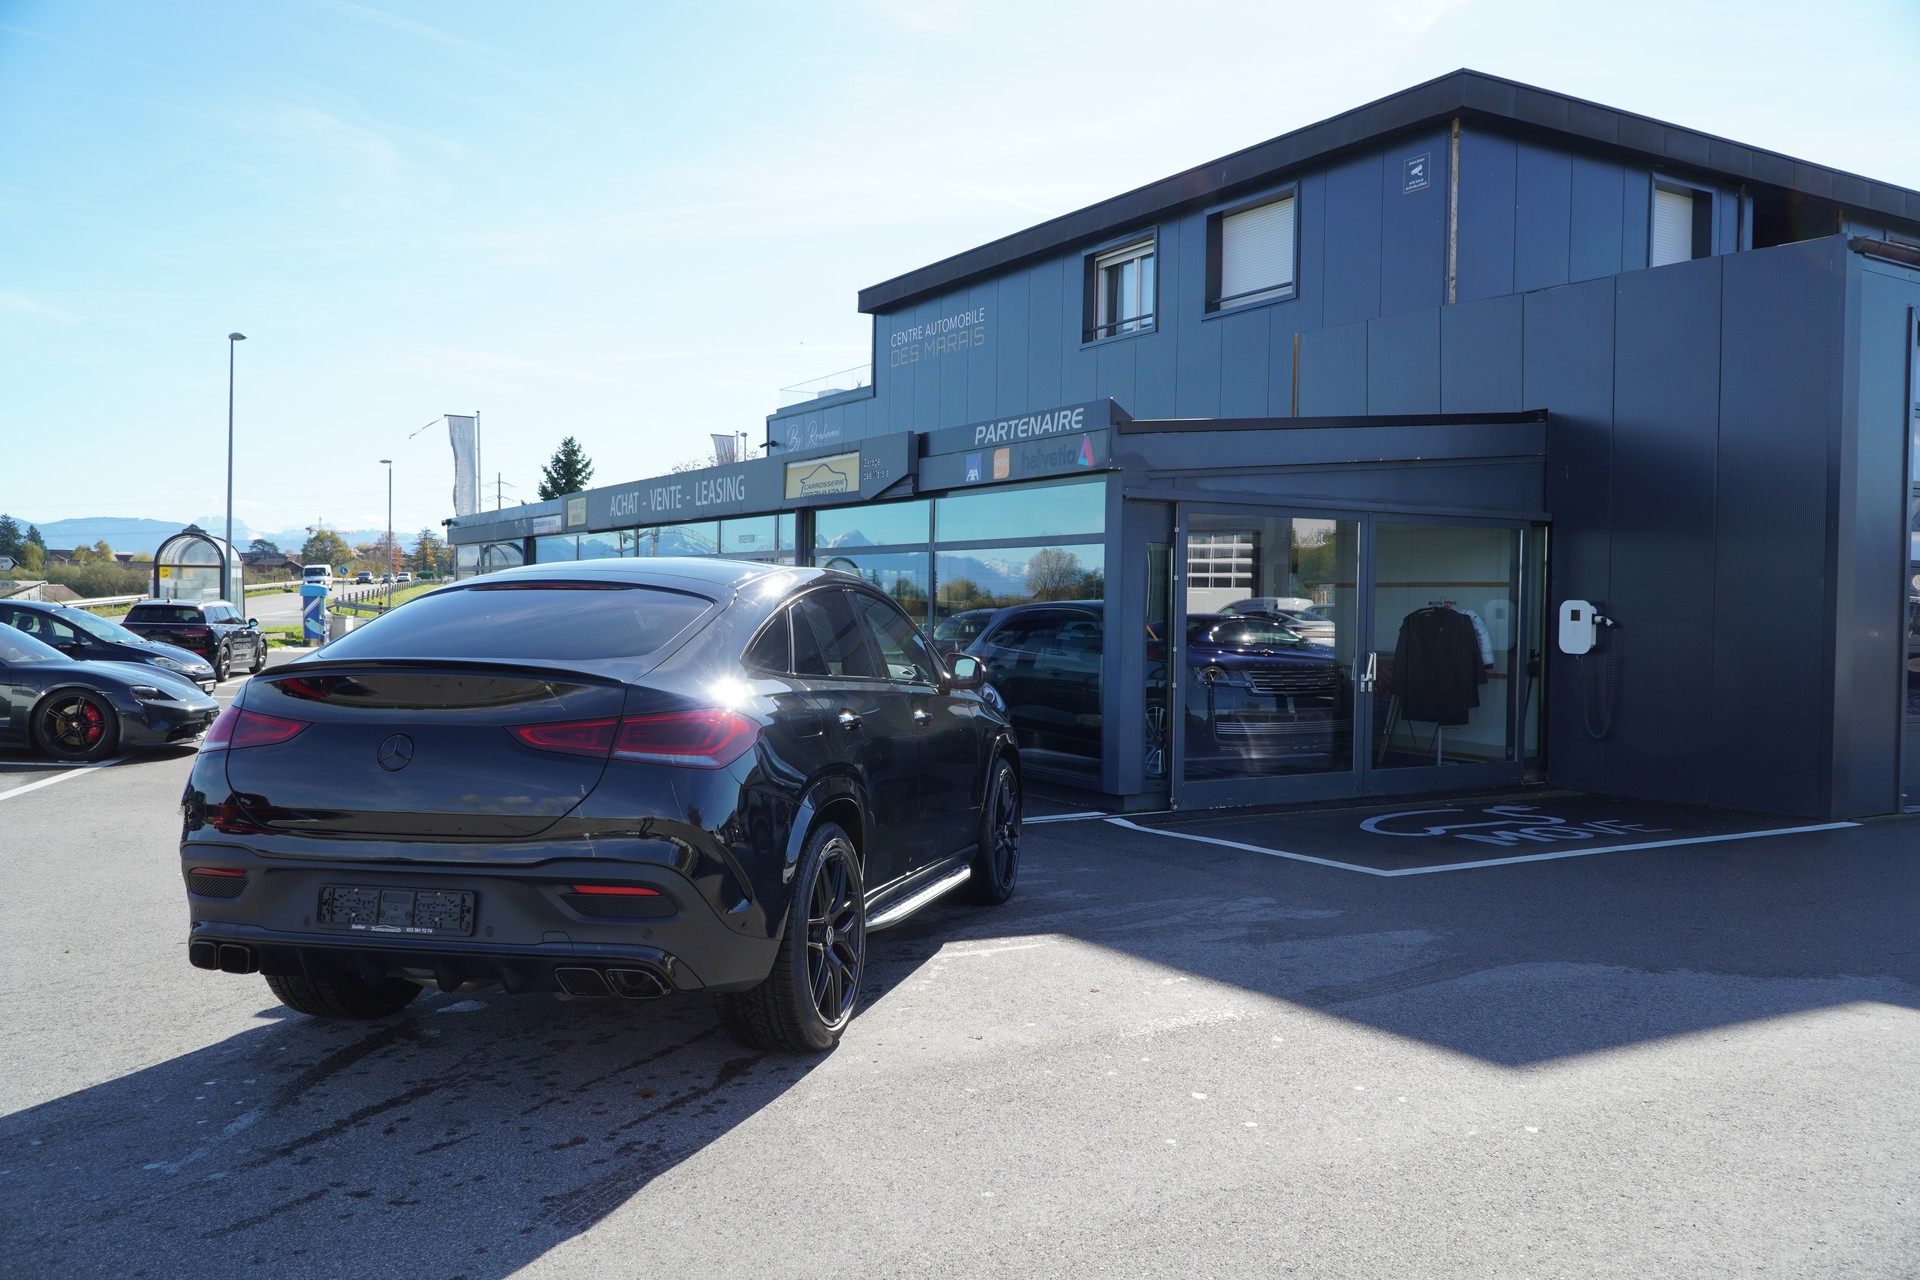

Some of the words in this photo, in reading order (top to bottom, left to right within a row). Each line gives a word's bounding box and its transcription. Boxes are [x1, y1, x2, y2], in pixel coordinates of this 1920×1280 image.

[890, 325, 923, 347] CENTRE
[924, 307, 985, 338] AUTOMOBILE
[890, 344, 919, 368] DES
[924, 326, 985, 359] MARAIS
[974, 407, 1085, 445] PARTENAIRE
[1021, 444, 1076, 471] helvetia
[609, 491, 640, 517] ACHAT
[649, 485, 682, 512] VENTE
[695, 474, 745, 506] LEASING
[803, 479, 844, 491] CARROSSERIE
[1454, 819, 1673, 847] MOVE

———

**To do**. The reply must hold every line above exactly as written and none of the pictures.

**Final answer**.
Some of the words in this photo, in reading order (top to bottom, left to right within a row). Each line gives a word's bounding box and its transcription. Boxes are [x1, y1, x2, y2], in pixel coordinates of this 1920×1280 image.

[890, 325, 923, 347] CENTRE
[924, 307, 985, 338] AUTOMOBILE
[890, 344, 919, 368] DES
[924, 326, 985, 359] MARAIS
[974, 407, 1085, 445] PARTENAIRE
[1021, 444, 1076, 471] helvetia
[609, 491, 640, 517] ACHAT
[649, 485, 682, 512] VENTE
[695, 474, 745, 506] LEASING
[803, 479, 844, 491] CARROSSERIE
[1454, 819, 1673, 847] MOVE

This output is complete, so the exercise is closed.